Throughout the Teacher’s Manual, these three components of the Curriculum are woven together:

  • Teen Resilience 

  • Sexual Health 

  • Boundary-Setting and Personal Safety

The Teacher’s Manual includes Introductory Curriculum Sections for each Grade, complete Lessons, self-contained Modules, Illustrations, and Sample Scripts for presenting materials and facilitating discussion among students.

Definitions, Fun Facts! and Suggested Reading are highlighted throughout.

Below are just a few selected excerpts from the Teacher’s Manual:

“I cannot say really if there is any one thing I will just hold on to. I think I will hold on to it all. These lessons have helped me learn not just about how things work or what to do or not to do, these have helped me learn about myself. I can’t say if I would want to change anything, but I would just like to thank you for helping to teach me these things.”
— Middle School student
 

In Fifth Grade, we create the foundation for Middle School lessons on Teen Resilience, Sexual Health, and Boundary-Setting.

The material for each Grade begins with a summary. The topical focus of the lessons for the Grade are highlighted with example questions the students will explore, discuss, and gain the ability to answer.

 
 

I begin the Resilience curriculum simply by asking the 5th-Grade students, “What qualities make a good friend?”

After this question is put to the class, the students generate a list of qualities they think make a good friend. We then compare our list to dictionary definitions of “friend” and engage in a conversation about the difference between admirable qualities in an individual and how those qualities can be utilized to be good community members.

This discussion creates a bridge to the subsequent lessons on healthy boundaries.

 
 

In Sixth Grade, students contemplate the concepts of respect and compassion and learn about the wide range of human emotions.

This prepares the class for discussions about the differences between consent, compliance, and coercion.

 

By Seventh Grade, we are ready to frame Teen Resilience in terms of romantic feelings, attraction, and consent. By now, the students are aware of, curious about, and exploring these issues on their own – and this material provides them with context from which to make healthy decisions.

“What I will take away is to always know my values and to follow them. Also to try to listen to other people’s points and ideas.”
— 8h Grade student

I begin the Sexual Health curriculum simply by asking the students, “What is health?”

We discuss Balance as a concept where our mind, our bodies, and our emotions are working well in service of our “self." Problems and challenges come when we are out of balance in one or more areas. The goal is not perfection, but rather to understand these things enough to know when help or extra support is needed, and that an internal sense of kindness for oneself is helpful. 

This creates a foundational understanding of health in this context which provides a backdrop for all of the other physical, emotional, and mental health strategies they will learn during our lessons in the next years – including sexual health lessons. 

“I will remember when we talked about LGBTQAI+ community stuff because I didn’t know how to talk about it before.
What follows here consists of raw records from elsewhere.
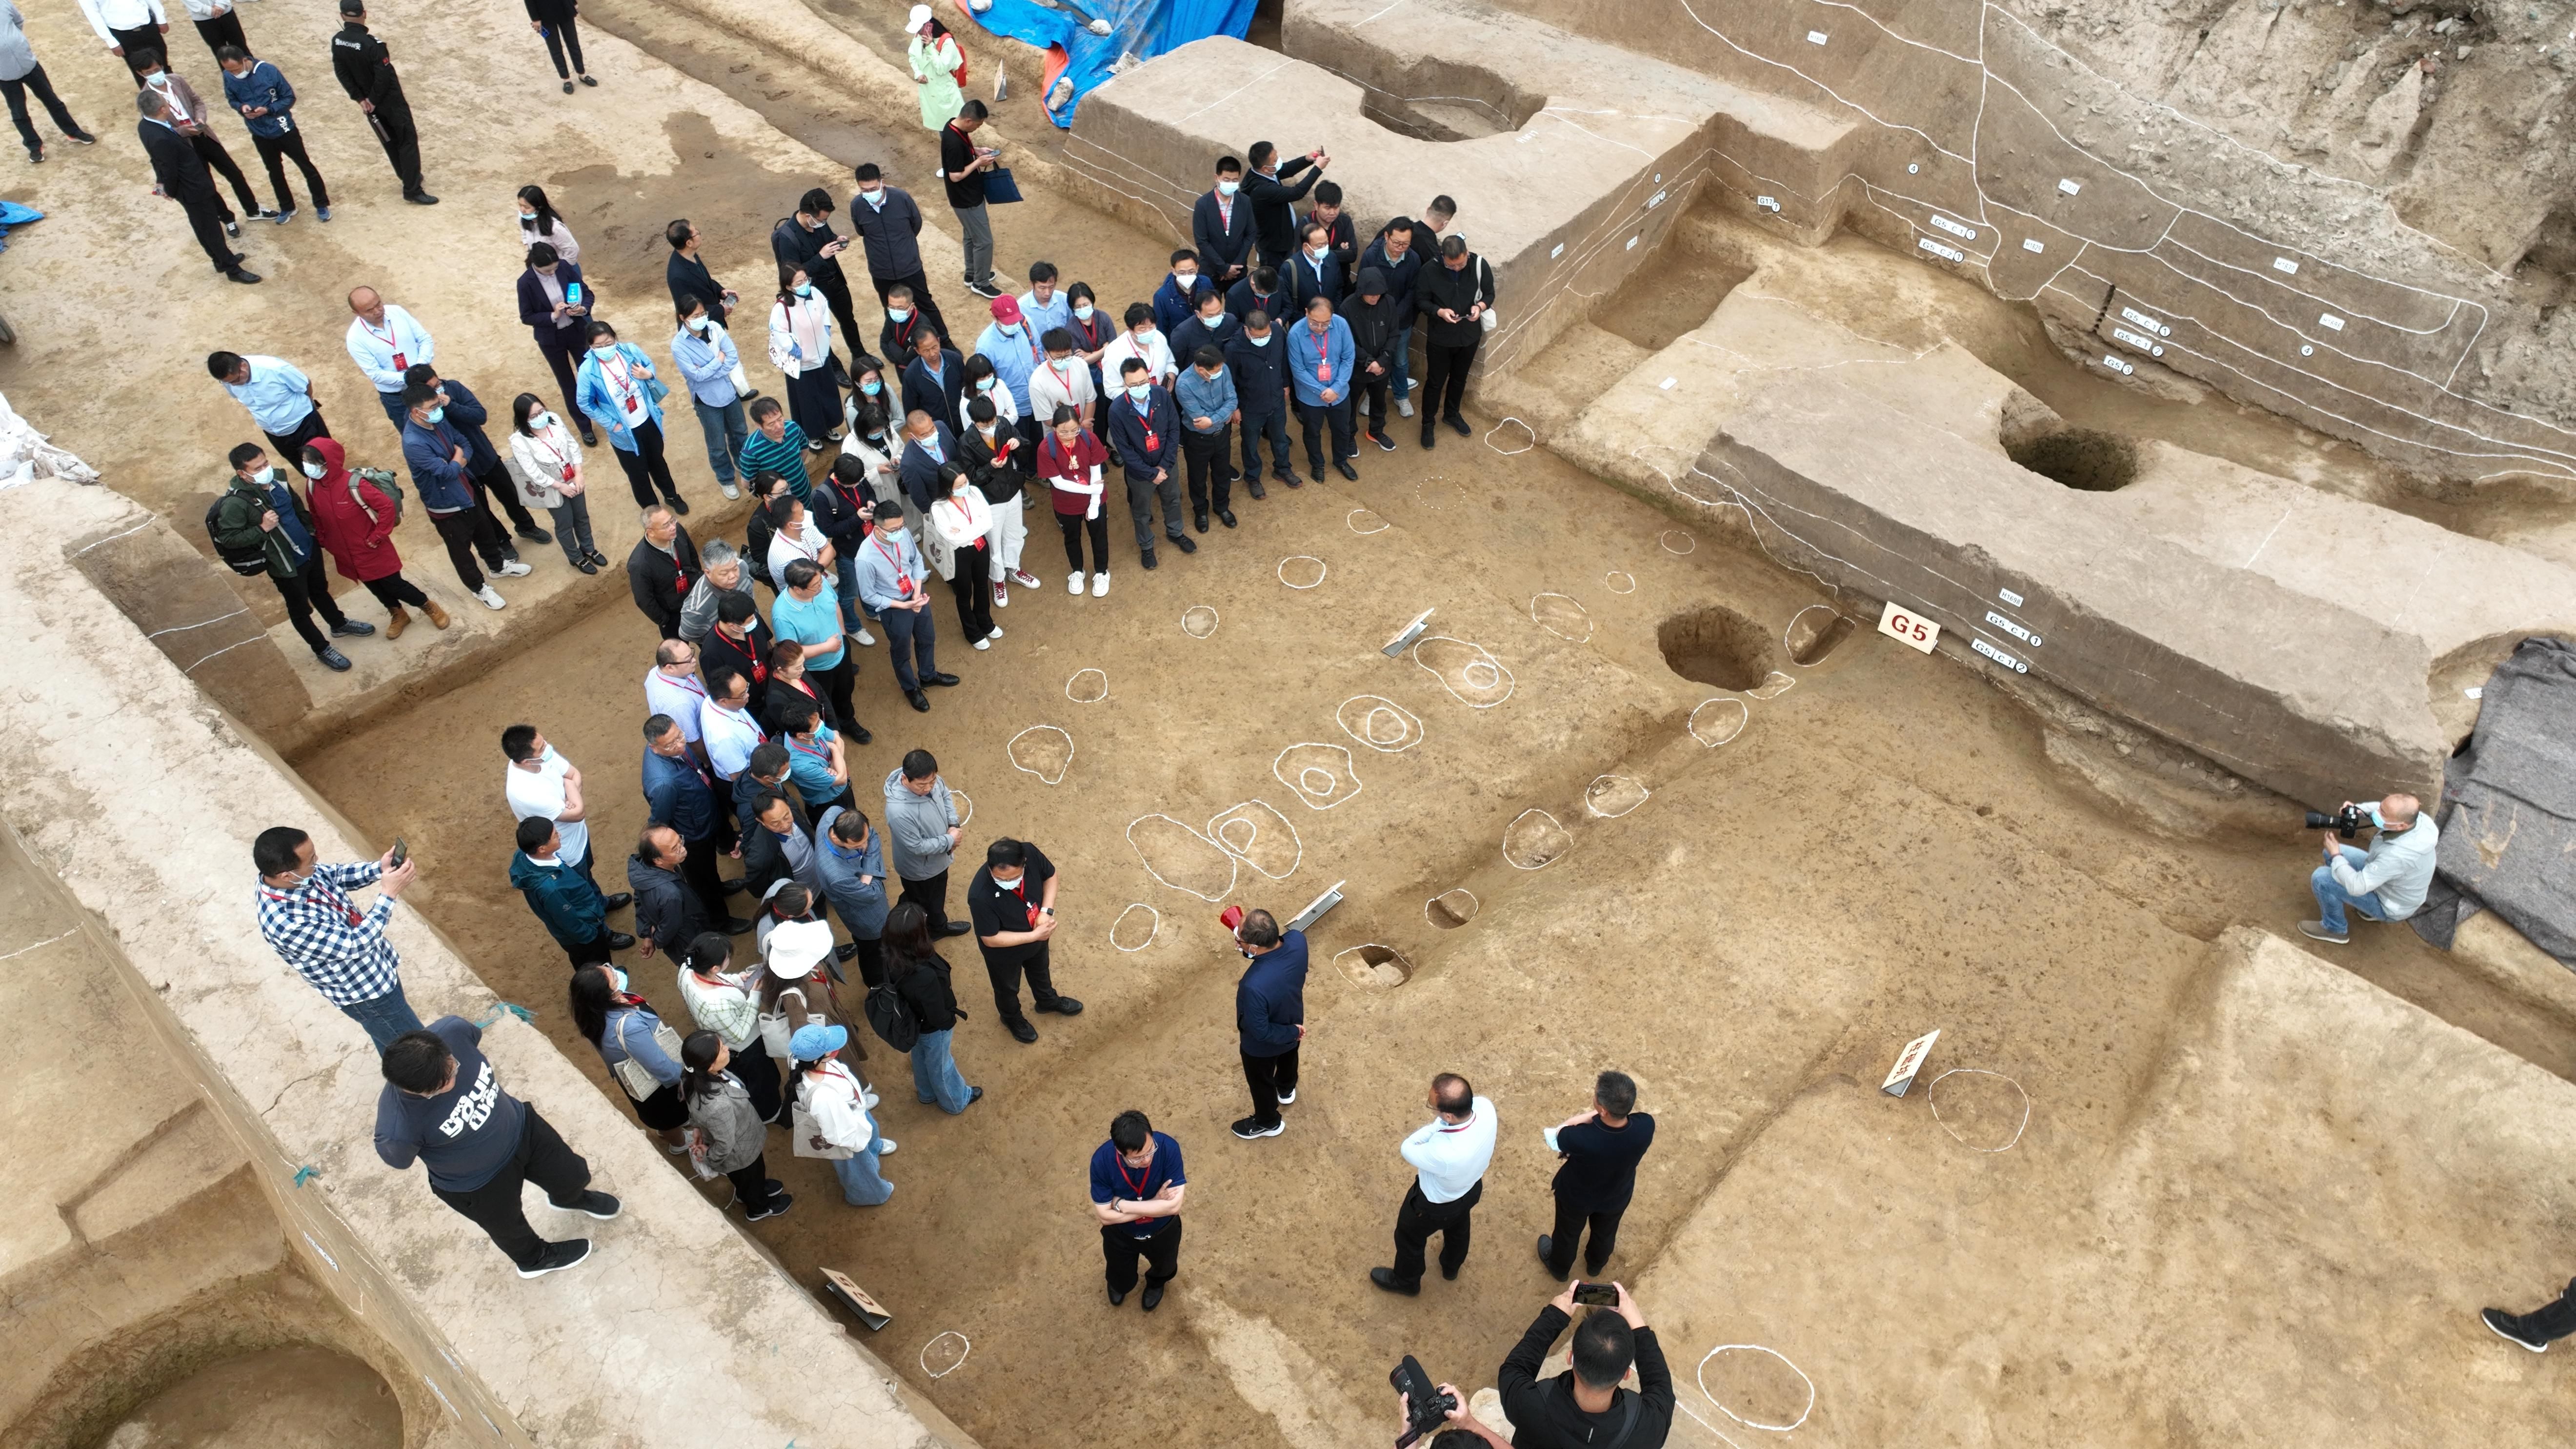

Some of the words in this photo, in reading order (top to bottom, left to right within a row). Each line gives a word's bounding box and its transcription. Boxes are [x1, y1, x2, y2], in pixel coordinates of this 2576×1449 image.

[1935, 219, 1946, 227] G5
[1923, 242, 1935, 250] G5
[2126, 312, 2138, 321] G5
[2117, 332, 2130, 341] G5
[2108, 359, 2120, 368] G5
[2002, 591, 2021, 605] H1698
[1990, 616, 2005, 627] G5
[1892, 615, 1929, 642] G5
[1976, 643, 1991, 655] G5
[834, 1276, 874, 1306] G5
It also made me question my sexuality, but that is ok.”
— 7th Grade student

In Seventh Grade we learn about reproduction, reproductive sex, pregnancy, and birth. By Eighth Grade, the students receive factually accurate information about pregnancy prevention and sexually transmitted disease and infection.
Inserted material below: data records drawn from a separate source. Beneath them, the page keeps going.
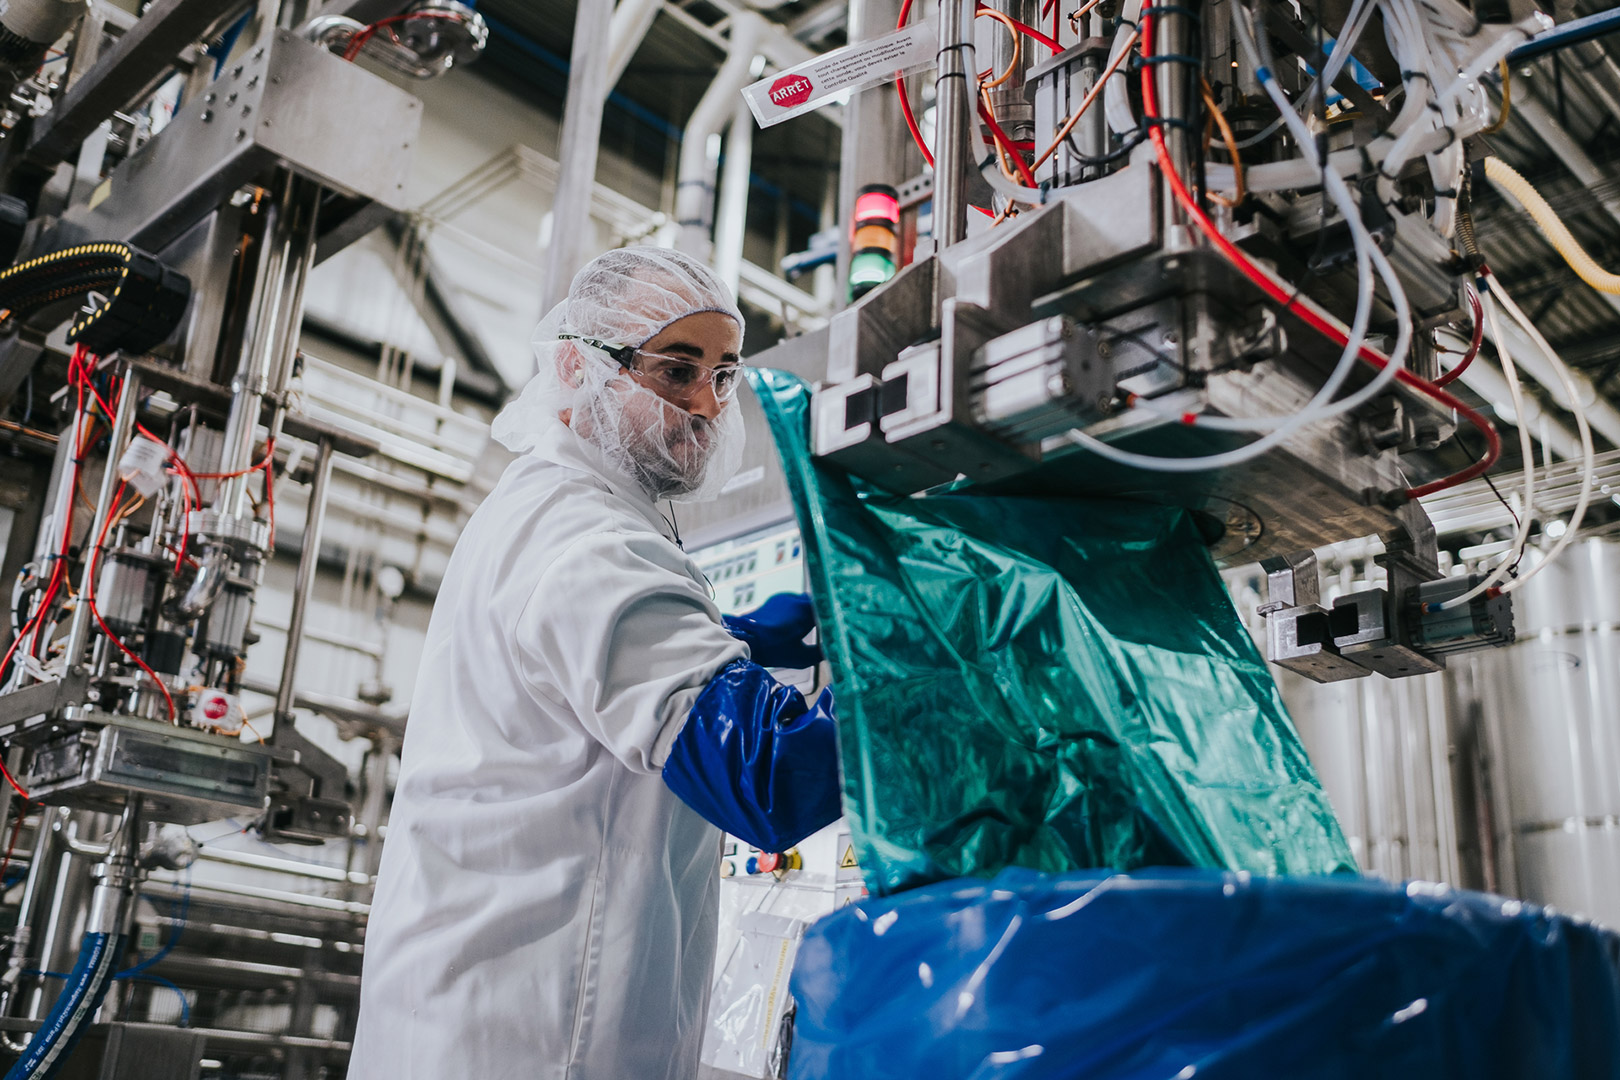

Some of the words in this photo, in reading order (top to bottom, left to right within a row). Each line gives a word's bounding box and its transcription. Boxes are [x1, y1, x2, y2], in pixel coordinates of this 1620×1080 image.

[815, 65, 831, 73] Sonde
[840, 49, 872, 63] température
[896, 36, 911, 44] Avant
[831, 59, 862, 74] changement
[872, 45, 905, 58] modification
[867, 59, 882, 67] devez
[884, 53, 899, 61] aviser
[773, 79, 809, 103] ARRÊT
[824, 78, 847, 90] Contrôle
[848, 71, 867, 82] Qualité
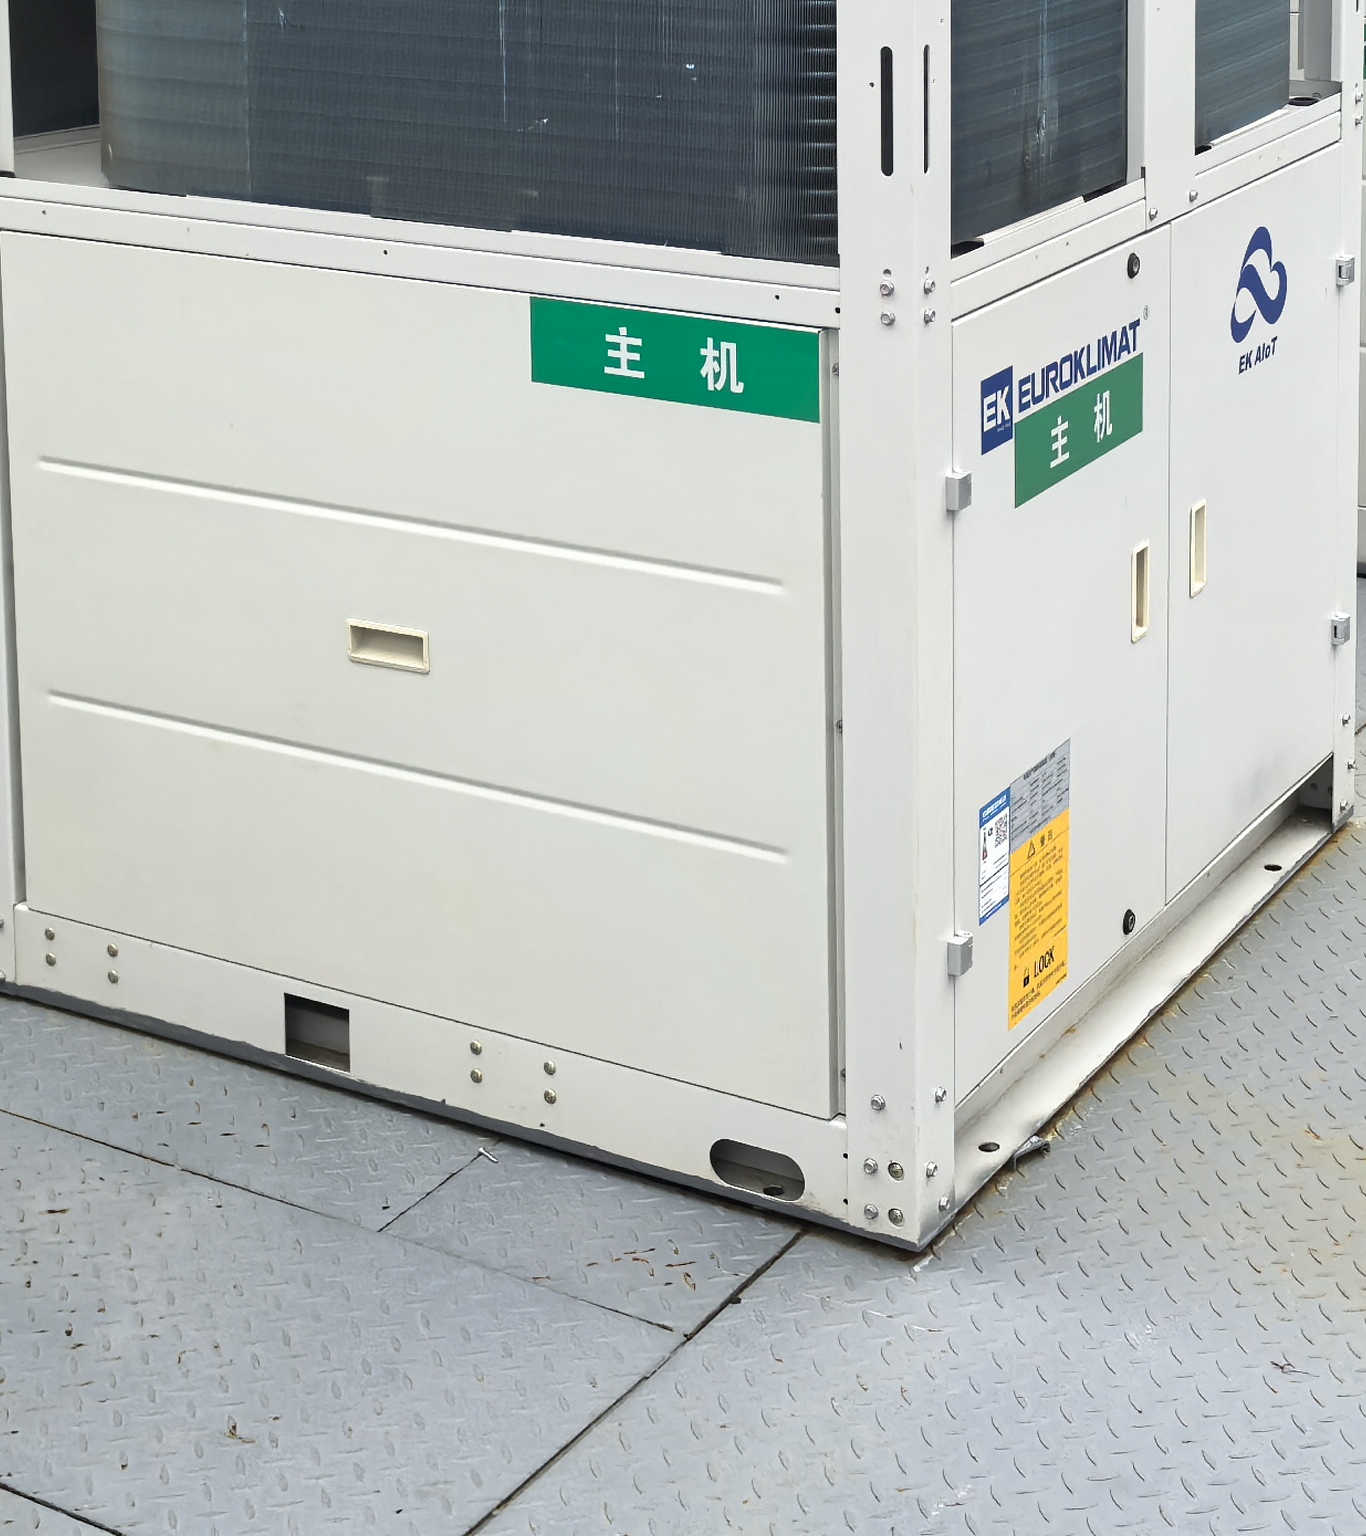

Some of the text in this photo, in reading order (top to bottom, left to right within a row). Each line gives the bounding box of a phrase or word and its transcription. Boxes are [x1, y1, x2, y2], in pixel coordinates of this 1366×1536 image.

[1238, 336, 1278, 375] EK AIoT
[983, 318, 1141, 433] EK EUROKLIMAT
[1033, 944, 1055, 980] LOCK
Anonymous Question sessions and group discussions carefully crafted to be gender inclusive provide opportunities for students to learn and inquire about topics in well-held spaces.

“Ms. Heidi has taught me so much about extremely important topics. I used to be so afraid of sex and any talk of it becausee I hadn’t understood it. Thanks to Ms. Heidi I can come away from middle school with a newfound knowledge of sex.”
— 8th Grade student

In 8th Grade, all three components of the curriculum weave together as we discuss teen responsibilities and freedoms, personal choices around sex, the realities of potentially unsafe acquaintance situations, and more advanced personal safety and physical self-defense skills.

As middle school concludes, we deepen the students’ understanding of embodied consent, consent-focused language, and challenges they are likely to face regarding consent. We discuss values as they relate to personal behavioral choices, family and friend relationships, and sexual choices. We discuss mental health awareness and challenges that adolescents are likely to face in others or within themselves and bring awareness to alcohol and drug use and abuse with attention to dangers, choices, and boundaries regarding substances.

By the end of 8th Grade, the class is well prepared for the transition to high school. 

 
“Over the past 4 years I’ve really loved everything we’ve learned and I think I’m going to take a lot of things with me but especially the self defense lessons becuase I could use my voice and I felt strong and also learning about boundaries and identities and also as a woman learning that I had more options for pregnancy than I thought. I have really enjoyed this curriculum and I will take it with me for the rest of my life.”